Fu così approvato con 28 voti a favore, 12 contrari e 4
astenuti, il seguente ordine del giorno: «La ratifica della
pace più oppressiva e umiliante è necessaria data
l’incapacità del nostro esercito e la necessità
in cui ci troviamo di approfittare di qualsiasi occasione per
guadagnare un momento di respiro e prepararci all’assalto
dell’imperialismo contro la Repubblica sovietica».
Di lì a poco sarebbe scoppiata la guerra civile russa.
Nello stesso congresso fu anche cambiato nome al partito, ribattezzato
«comunista».
La ratifica formale e definitiva del trattato di pace fu votata
il 15 marzo 1918 dal quarto congresso panrusso dei soviet, con
784 sì, 261 no e 115 astenuti. Il 12 marzo 1918, poiché
i tedeschi sul Baltico erano oramai troppo vicini, la capitale
fu trasferita da Pietrogrado a Mosca.
La rivoluzione russa, che dal marzo del 1917 si era diffusa con
una marcia trionfale sul territorio dell’antico impero degli
zar, fu obbligata a retrocedere di fronte al militarismo tedesco
ancora solido e intatto. L’arma della propaganda, che aveva
avuto effetto contro le forze controrivoluzionarie interne, non
servì a niente contro Hindenburg, Ludendorff e Hoffmann.

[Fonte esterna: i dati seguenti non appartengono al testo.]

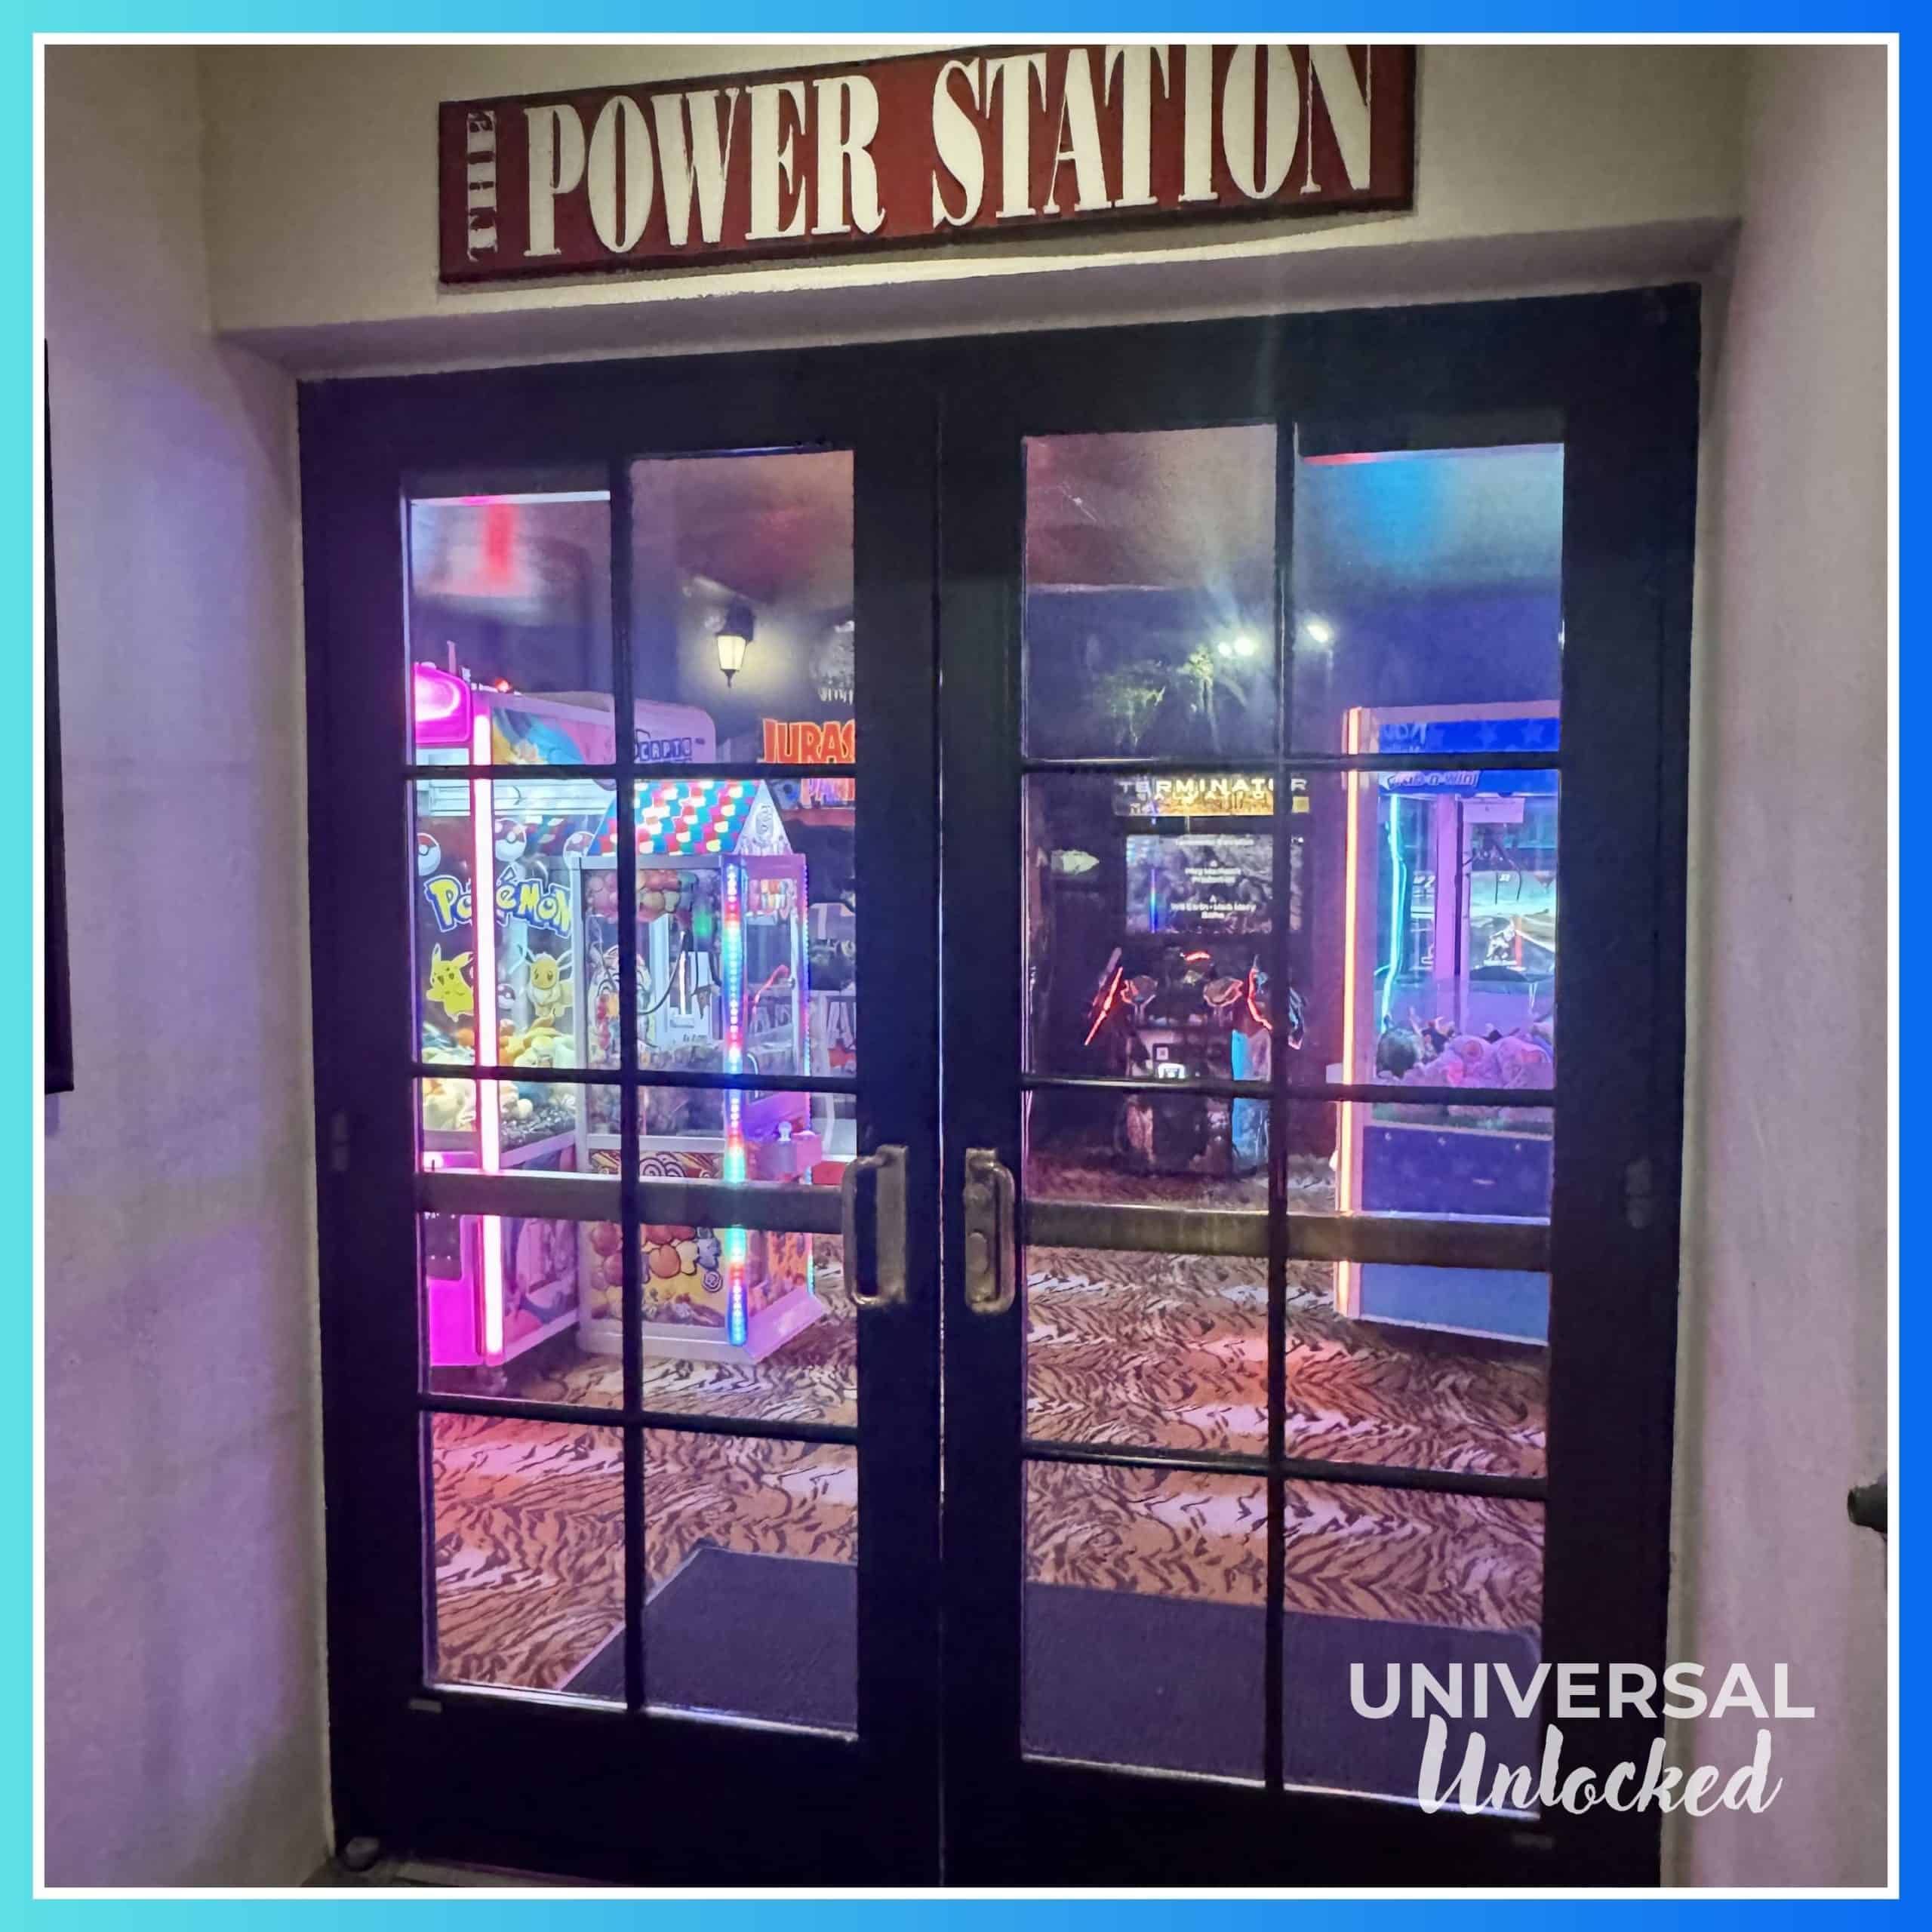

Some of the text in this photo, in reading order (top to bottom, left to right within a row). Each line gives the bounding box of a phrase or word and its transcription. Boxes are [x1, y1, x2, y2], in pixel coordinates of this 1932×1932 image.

[466, 45, 1371, 262] THE POWER STATION
[1119, 777, 1307, 793] TERMINATR
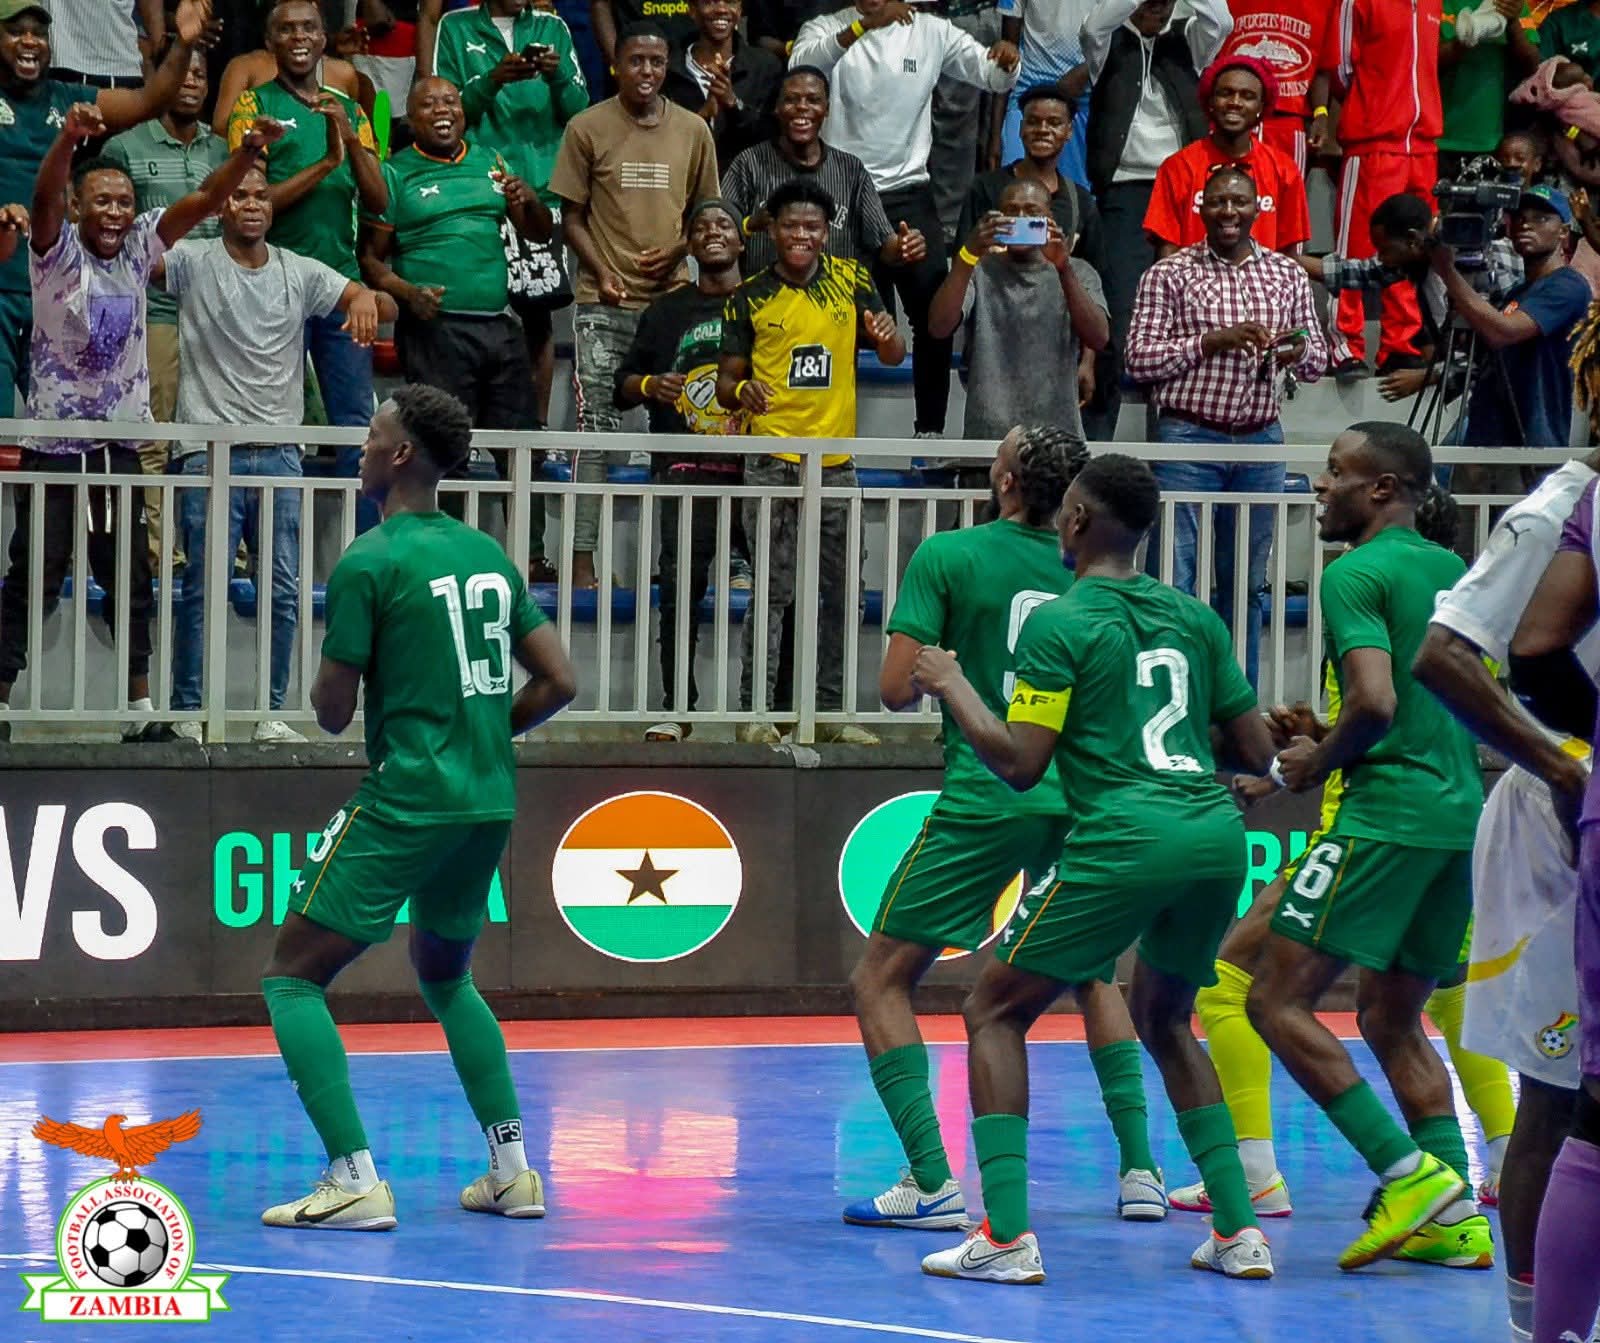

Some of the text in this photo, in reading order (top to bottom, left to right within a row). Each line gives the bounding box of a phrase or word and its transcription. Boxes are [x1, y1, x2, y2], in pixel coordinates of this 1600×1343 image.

[794, 354, 829, 378] 1&1
[429, 572, 512, 699] 13
[1135, 647, 1205, 773] 2
[0, 802, 158, 961] VS
[1293, 842, 1343, 900] 6
[498, 1121, 522, 1143] FS
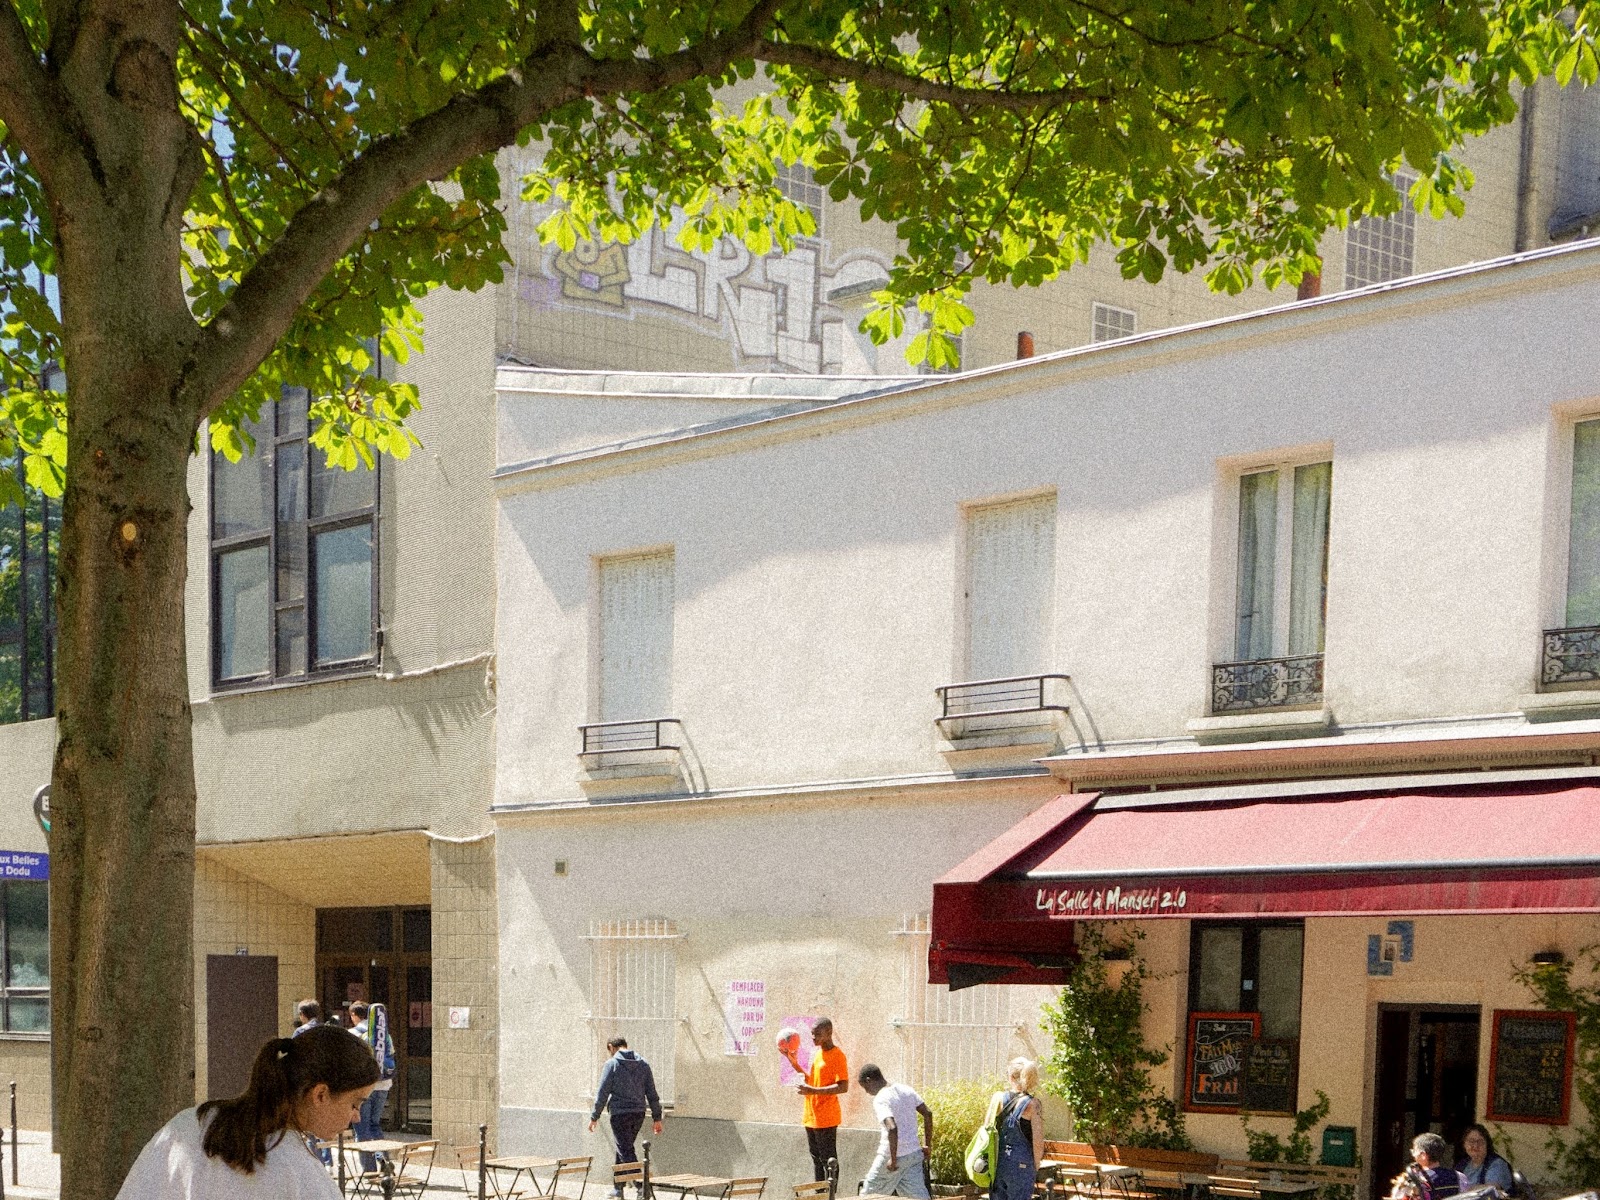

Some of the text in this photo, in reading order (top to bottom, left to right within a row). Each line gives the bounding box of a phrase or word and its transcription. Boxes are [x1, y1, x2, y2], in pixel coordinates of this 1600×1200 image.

[12, 855, 39, 866] Belles
[6, 865, 30, 876] Dodu
[1036, 886, 1186, 912] La Salle à Manger 2.0
[731, 981, 764, 993] REMPLACER
[742, 1012, 754, 1022] PAR

Lenin aveva capito più di tutti i suoi compagni di partito
che una resistenza contro la Germania non aveva alcuna probabilità
di riuscita, così come nel novembre 1917 aveva colto in
pieno la possibilità di prendere il potere. A quel tempo
rifiutare di siglare e ratificare la pace avrebbe significato
il collasso del governo sovietico.
In ogni caso, la Russia precipitava in una guerra civile tra le
più orribili del ventesimo secolo, mentre Germania e Austria-Ungheria
potevano sottrarre truppe dal fronte orientale e riversarle sul
fronte francese e italiano, in proporzioni molto più massicce
di quanto fosse avvenuto dopo l’armistizio del dicembre
1917, per cercare di vincere la guerra.